Was there a confirmed case of COVID-19 identified in Methodist Health System?

Yes, a patient tested positive for COVID-19. The patient presented to the Methodist Women’s Hospital Emergency Department on March 5. After reviewing their symptoms, recent travel, tests and condition, it was determined that, out of an abundance of caution, the patient would be admitted to Methodist Hospital with full safety precautions in place. After the lab results returned, it was determined by medical staff that the patient would be transferred to Nebraska Medicine.

Were Methodist Hospital patients or visitors exposed to COVID-19 while at the hospital?

Every precautionary measure was taken to keep the identified patient isolated. No additional exposures have been identified at Methodist Hospital.

What is the status of Methodist Women’s Hospital employees who were exposed to the patient?

All employees who were potentially exposed to COVID-19 are self-quarantined and being monitored under the direction of Douglas County health officials following CDC and state health department recommendations.

What are the clinical features of COVID-19?

The clinical spectrum of COVID-19 ranges from mild disease with nonspecific signs and symptoms of acute respiratory illness to severe pneumonia with respiratory failure and septic shock. There have also been reports of asymptomatic infection.

Who is at risk for severe disease from COVID-19?
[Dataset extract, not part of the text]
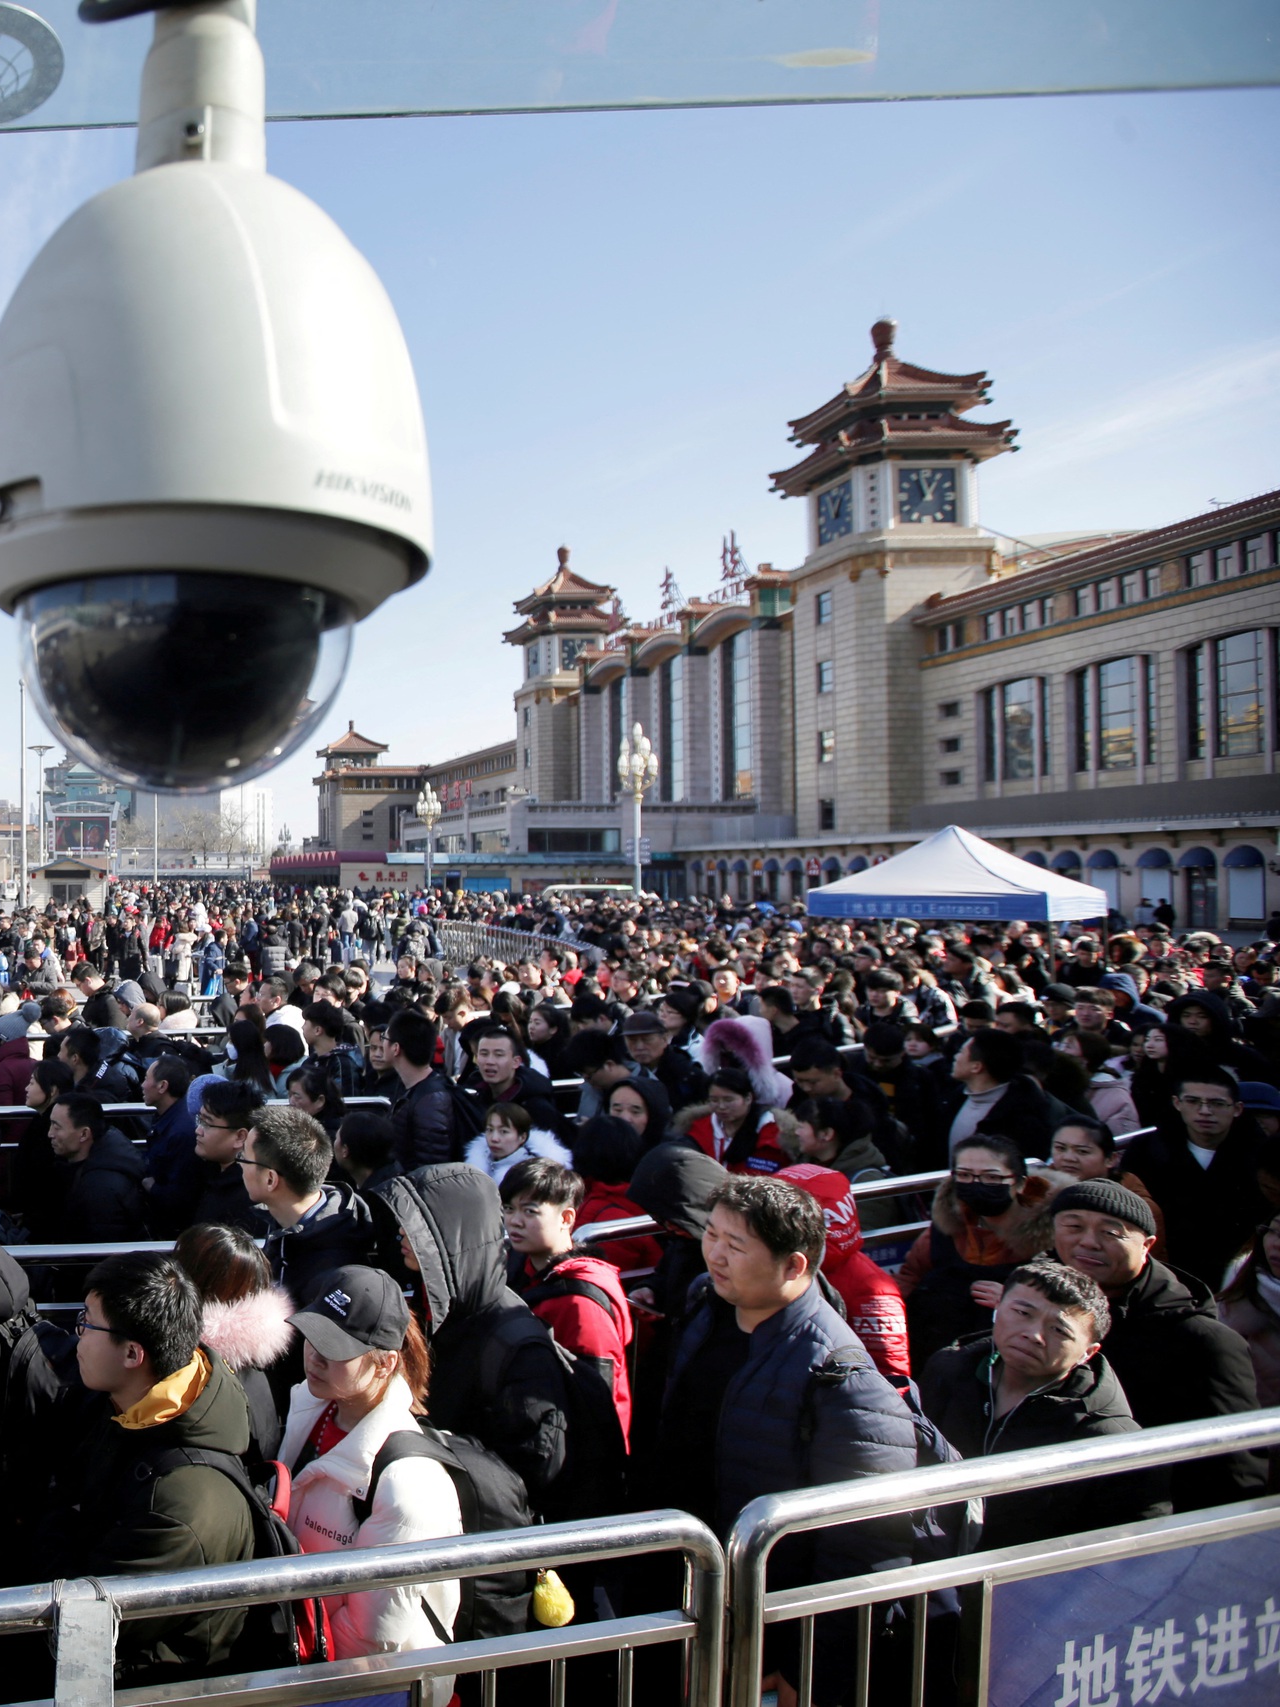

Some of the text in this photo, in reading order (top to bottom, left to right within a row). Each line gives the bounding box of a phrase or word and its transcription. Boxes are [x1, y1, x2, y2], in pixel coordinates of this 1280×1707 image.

Current data shows that the following people may be at risk for more severe outcomes:

  • Older adults

  • People who have underlying chronic medical conditions, such as heart disease, diabetes or lung disease

  • People with compromised immune systems

If you fall under these categories, the CDC recommends:

  • Having the necessary medications, household items and groceries to stay home for a period of time

  • Keeping space between yourself and others

  • When in public, limiting close contact and washing your hands often

  • Avoiding crowds as much as possible

  • If there is a COVID-19 outbreak in your community, staying home as much as possible

  • Considering avoiding air travel

When is someone infectious?

Asymptomatic infection with COVID-19 has been reported, but it is not yet known what role asymptomatic infection plays in transmission. Similarly, the role of presymptomatic transmission (infection detection during the incubation period prior to illness onset) is unknown. Existing literature regarding COVID-19 suggests that the incubation period may range from two to 14 days.

How is COVID-19 treated?

Not all patients with COVID-19 will require medical supportive care. Clinical management for hospitalized patients with COVID-19 is focused on supportive care (pain relief, fluids and rest).

There are currently no antiviral drugs or vaccines licensed by the U.S. Food and Drug Administration to treat COVID-19. Researchers and medical providers are finding that the COVID-19 mortality rate seems to be lower than initially thought.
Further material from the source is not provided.